I'm still seeing things related to pci-passthrough that i can't place, this 
time it's on:

- Intel hardware (instead of AMD).
- PV-guest (instead of HVM).
- Xen-unstable as of today.
- Linux 3.18-rc1 kernel.
- Passed through device is again a sound controller (00:1b.0).

- I added some debug printk's to the kernel, the diff is attached. 
- I disabled all sound modules in the dom0 kernel config to rule out any 
interference by those drivers.
- The device passed through is seized by pciback on host boot.

I am seeing a couple of "oddities" (although i could be misinterpreting stuff):

- When MSI gets enabled on pci-passthrough during the boot of the guest, 
dev->irq changes
  (and with it the irq reported by lspci and reported at 
  from 22 to 68. It probably is/shouldn't be used since we should be using MSI 
(55) now.
  However this "68" doesn't seem to be listed anywhere as irq, not in dom0 in 
/proc/interrupts, not
  in the hypervisor output of the debug-keys "i, I, M".
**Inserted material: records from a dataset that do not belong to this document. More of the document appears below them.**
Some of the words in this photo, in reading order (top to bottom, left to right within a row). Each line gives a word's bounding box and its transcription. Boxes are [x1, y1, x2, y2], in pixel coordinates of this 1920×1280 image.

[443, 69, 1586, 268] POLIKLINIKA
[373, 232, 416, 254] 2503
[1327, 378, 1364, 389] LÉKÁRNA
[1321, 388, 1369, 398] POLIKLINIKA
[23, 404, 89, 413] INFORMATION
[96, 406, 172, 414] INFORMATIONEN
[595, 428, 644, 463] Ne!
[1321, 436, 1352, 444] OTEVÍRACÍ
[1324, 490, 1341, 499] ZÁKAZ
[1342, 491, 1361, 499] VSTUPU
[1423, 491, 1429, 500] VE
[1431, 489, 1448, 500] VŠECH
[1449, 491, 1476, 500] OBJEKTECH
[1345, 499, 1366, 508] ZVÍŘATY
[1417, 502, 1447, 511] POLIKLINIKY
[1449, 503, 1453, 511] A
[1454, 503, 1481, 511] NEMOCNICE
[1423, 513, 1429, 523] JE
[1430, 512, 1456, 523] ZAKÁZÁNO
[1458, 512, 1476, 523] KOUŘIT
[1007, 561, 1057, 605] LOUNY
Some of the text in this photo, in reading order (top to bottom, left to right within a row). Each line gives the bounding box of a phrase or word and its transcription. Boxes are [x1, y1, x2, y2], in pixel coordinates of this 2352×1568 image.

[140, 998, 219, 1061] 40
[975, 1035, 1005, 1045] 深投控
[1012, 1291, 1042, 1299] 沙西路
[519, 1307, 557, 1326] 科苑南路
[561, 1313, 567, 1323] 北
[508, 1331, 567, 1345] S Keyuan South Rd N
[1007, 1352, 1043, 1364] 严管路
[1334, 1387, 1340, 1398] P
- After the guest is fully booted the hypervisor reports shows an irq mapped to 
the guest, while 22 is still mapped to dom0:
  (XEN) [2014-10-21 02:11:03]    IRQ:  22 affinity:8 vec:d8 type=IO-APIC-level  
 status=00000030 in-flight=0 domain-list=0: 22(---),
  (XEN) [2014-10-21 02:11:03]    IRQ:  32 affinity:4 vec:69 type=PCI-MSI        
 status=00000030 in-flight=0 domain-list=1: 55(---),
  MSI 55 corresponds to what dom0 reports .. but i can't place IRQ 32 though .. 
it's not 22 .. it's not 68 ..

- When looking in the guests dmesg i see:
     [    6.757131] snd_hda_intel 0000:00:00.0: enabling device (0000 -> 0002)
     [    6.764141] snd_hda_intel 0000:00:00.0: Xen PCI mapped GSI22 to IRQ34
     [    6.768823] snd_hda_intel 0000:00:00.0: enabling bus mastering

     [   14.303460] ALSA device list:
     [   14.346789]   #0: Loopback 1
     [   14.390610]   #1: HDA Intel PCH at 0xf7d30000 irq 35

     ~# lspci -v
    00:00.0 Audio device: Intel Corporation 7 Series/C210 Series Chipset Family 
High Definition Audio Controller (rev 04)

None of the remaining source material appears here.